The Temptation Of Punching Down

I almost published a blog post yesterday about a person whose politics differ from mine, who has recently blogged some personal details that would lead me to believe that those personal details are a significant driving force behind his-or-her politics. The post would have been a discussion of how one who had experienced those details would very understandably be lead to conclude XYZ, but that a more dispassionate analysis reveals that XYZ is incorrect; and finally, one shouldn't draw strong political conclusions from personal experience, as the blogger in question did.

Some days earlier, I almost published a similar blog post covering some surprising and erroneous philosophical beliefs held by an economist of note. I would have explained how one probably could not adhere to that economist's economic policy preferences without those underlying philosophical beliefs; and, since they're philosophically wrong, so, too, are the economic policy preferences held by the economist.

The reason I did not publish these posts is because I lost my ambition to write them about half way through writing each post. What I came to realize is that this is "punching down." It's one thing if somebody makes an honest mistake, hasn't come across recent developments in the literature, etc. It's quite another if someone has effectively convinced themselves of a lot of weak underlying ideas and bought into their own paradigms wholesale.

When my wife got pregnant, suddenly we were bombarded with a never-ending stream of folk theories about how to tell whether the baby would a boy or a girl. I don't remember them all, but you know... It's stuff like, "If you crave mostly salty snacks, then it will be a boy, if you crave sweet snacks, it will be a girl." That kind of thing. I remember realizing that the baby's sex was a 50/50 shot, which meant that there was as much evidence against each of these folk tales as there was for them. That's why people swear by these myths - one of them turned out to be "true" according to their own personal experience, hence "it seems to hold."

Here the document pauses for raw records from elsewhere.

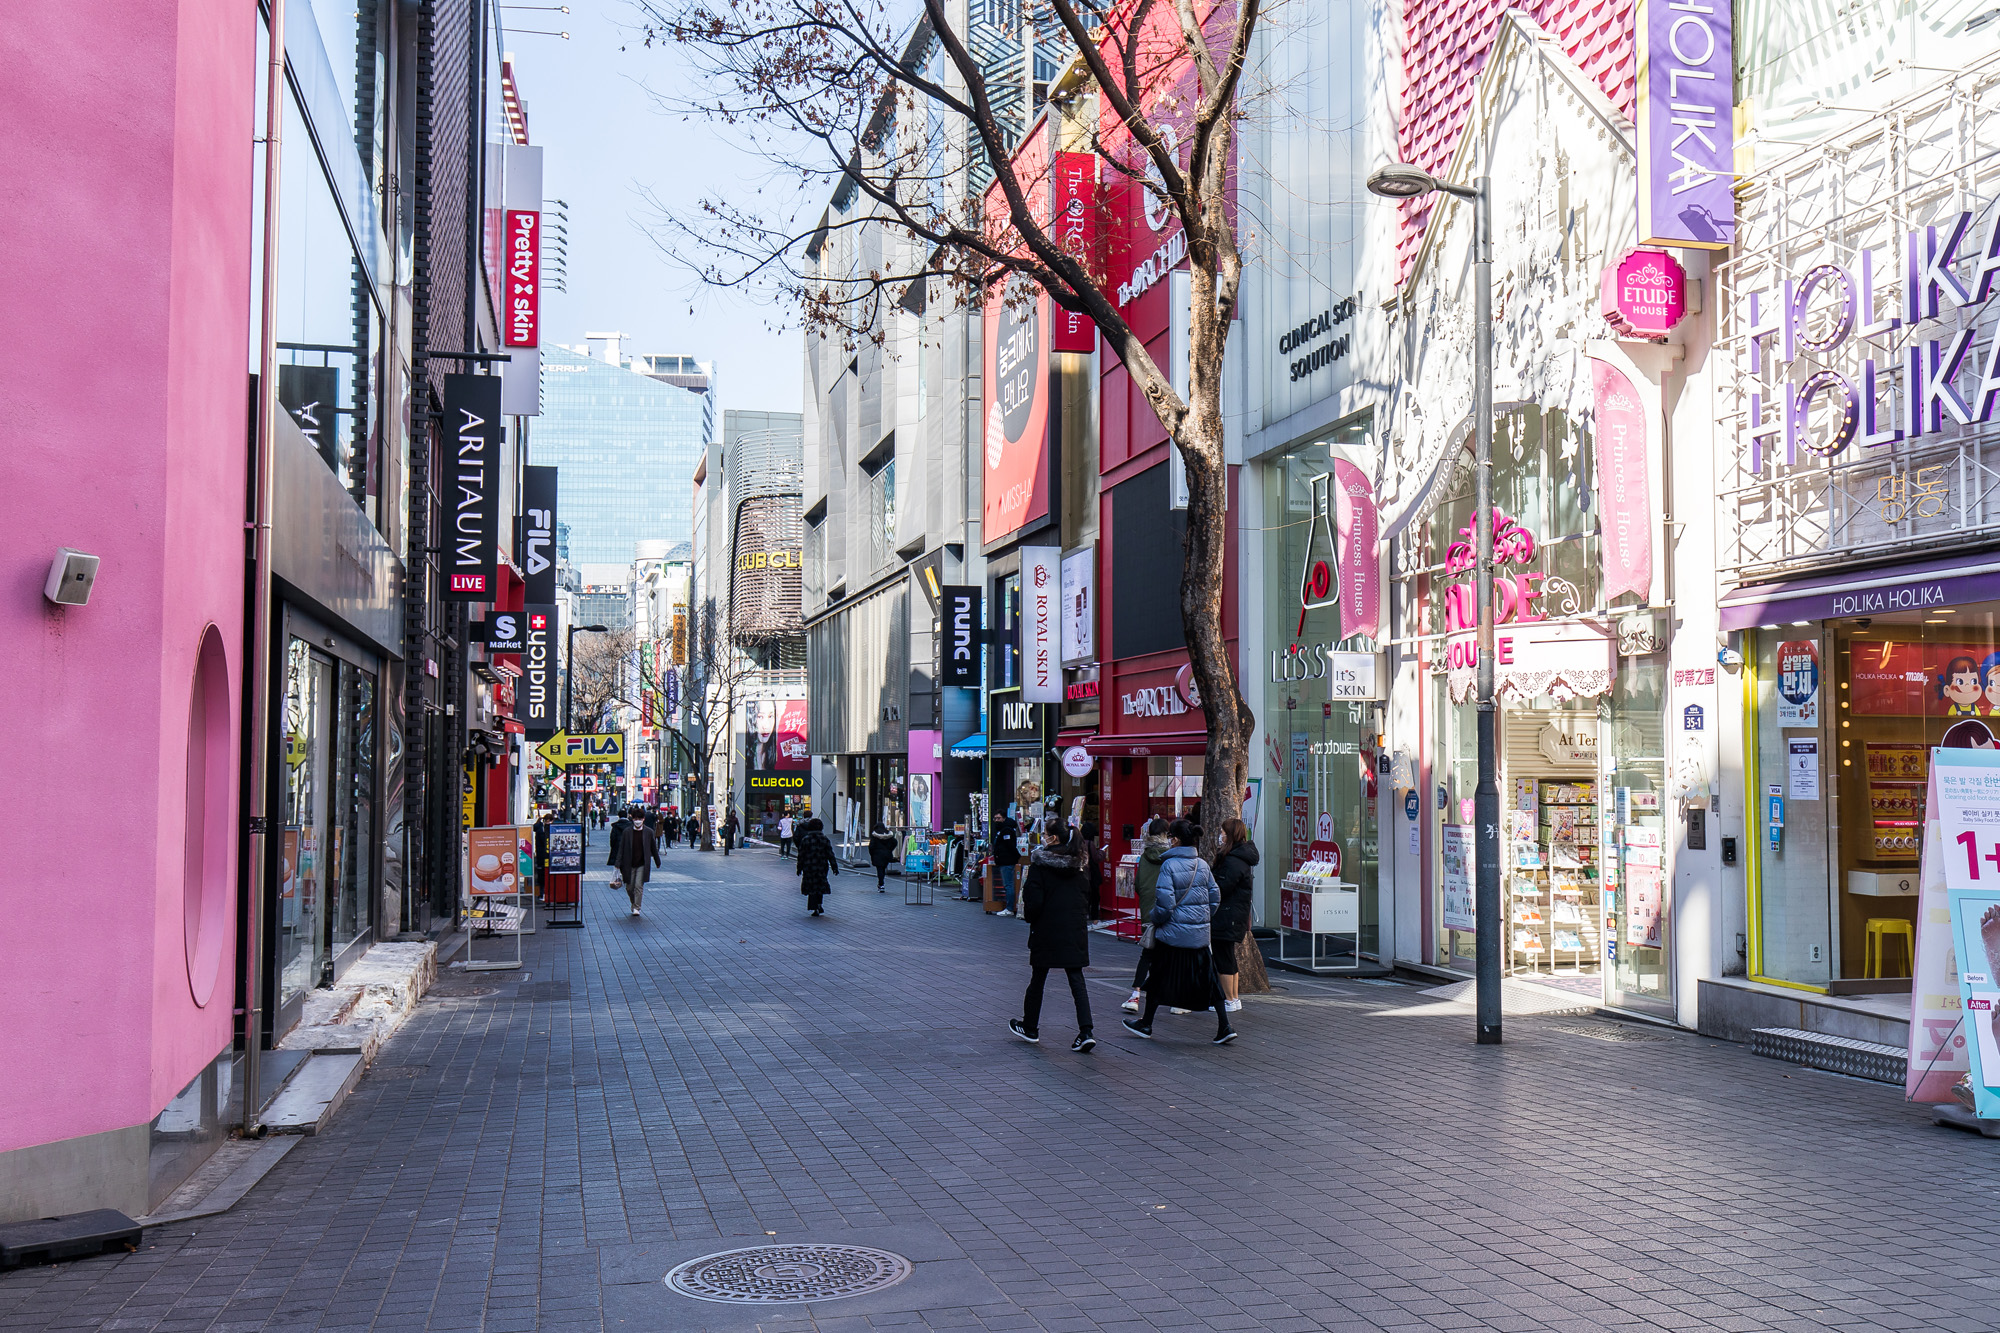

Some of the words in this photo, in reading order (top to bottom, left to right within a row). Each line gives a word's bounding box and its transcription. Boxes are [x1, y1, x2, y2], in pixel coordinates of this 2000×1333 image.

[511, 214, 534, 281] Pretty
[1624, 286, 1677, 305] ETUDE
[513, 298, 534, 342] skin
[1279, 310, 1332, 354] CLINICAL
[1333, 290, 1363, 325] SKIN
[1632, 306, 1668, 316] HOUSE
[1290, 333, 1350, 382] SOLUTION
[1612, 423, 1628, 503] Princess
[456, 407, 485, 566] ARITAUM
[1001, 478, 1032, 516] MISSHA
[1878, 464, 1950, 524] 명동
[527, 508, 551, 575] FILA
[1352, 506, 1363, 567] Princess
[1616, 510, 1631, 569] House
[738, 552, 767, 571] CLUB
[453, 577, 482, 589] LIVE
[1354, 572, 1365, 618] House
[1832, 593, 1884, 614] HOLIKA
[1889, 585, 1944, 607] HOLIKA
[495, 615, 517, 639] S
[954, 596, 971, 660] nunc
[1036, 594, 1048, 647] ROYAL
[489, 640, 522, 649] Market
[1448, 637, 1514, 670] HOUE
[527, 630, 547, 719] swatch
[1036, 648, 1048, 688] SKIN
[1783, 654, 1812, 671] 삼일절
[1067, 683, 1085, 700] ROYAL
[1085, 681, 1099, 697] SKIN
[1335, 685, 1366, 696] SKIN
[1674, 667, 1715, 687] 伊蒂之屋
[1783, 671, 1812, 695] 만세
[1002, 702, 1034, 730] nunc
[1686, 717, 1701, 728] 35-1
[566, 737, 620, 755] FILA
[1559, 733, 1573, 746] At
[1294, 800, 1307, 812] SALE
[1407, 800, 1417, 809] ADT
[1319, 821, 1331, 838] 1+1
[1970, 1001, 1989, 1009] After

Put another way, we adopt certain paradigms more because we want them to be true than for any truly empirical reason. And we are clever monkeys who excel at quasi-logical rationalization, so we can very easily find a way to square the circle. It's no different than a theistic belief - faith without empirical evidence. We wrap our thoughts in a a paradigm and use it to explain everything. When the facts don't fit, we make clever use of language to enable the facts to be "true in a sense." This is very slippery, but ultimately it doesn't get us any closer to wisdom or happiness.

So, in a way, it's tempting to root-out these illusions in other people, call them out, and correct them. But it's also punching down. If someone is that invested in a such a deeply flawed paradigm then nothing I say or do - no point I make in a blog or elsewhere - will ever change their mind. It's more pitiful than it is objectionable. Why bother?

Yes, people can be wrong and ignorant. They can even be wrong and ignorant en masse and screw with the social, political, or economic landscape. But that can't be overcome by providing patient, logical explanations for their cognitive or psychological flaws. Adopting a given paradigm (or not) is a choice we make based on what we want outcomes to look like. People have a faith in god because they like what a theistic universe means. People subscribe to nutty economic beliefs because it seems to justify a set of ethical allegiances they hold. What good does it do to tell someone he's logically incorrect when he's making a leap of faith?

To be sure, there are also plenty of us who don't do this. We're a little more rare and a little more rigorous in our skepticism and our logic. I don't know if we're any "less wrong" than anyone else, but we're interested in trying. It's useful to engage such people, being the "honest truth-seekers" that we are. That's where the conversation should begin and end.

As for those who act mainly on paradigmatic faith, what can we do other than leave them alone?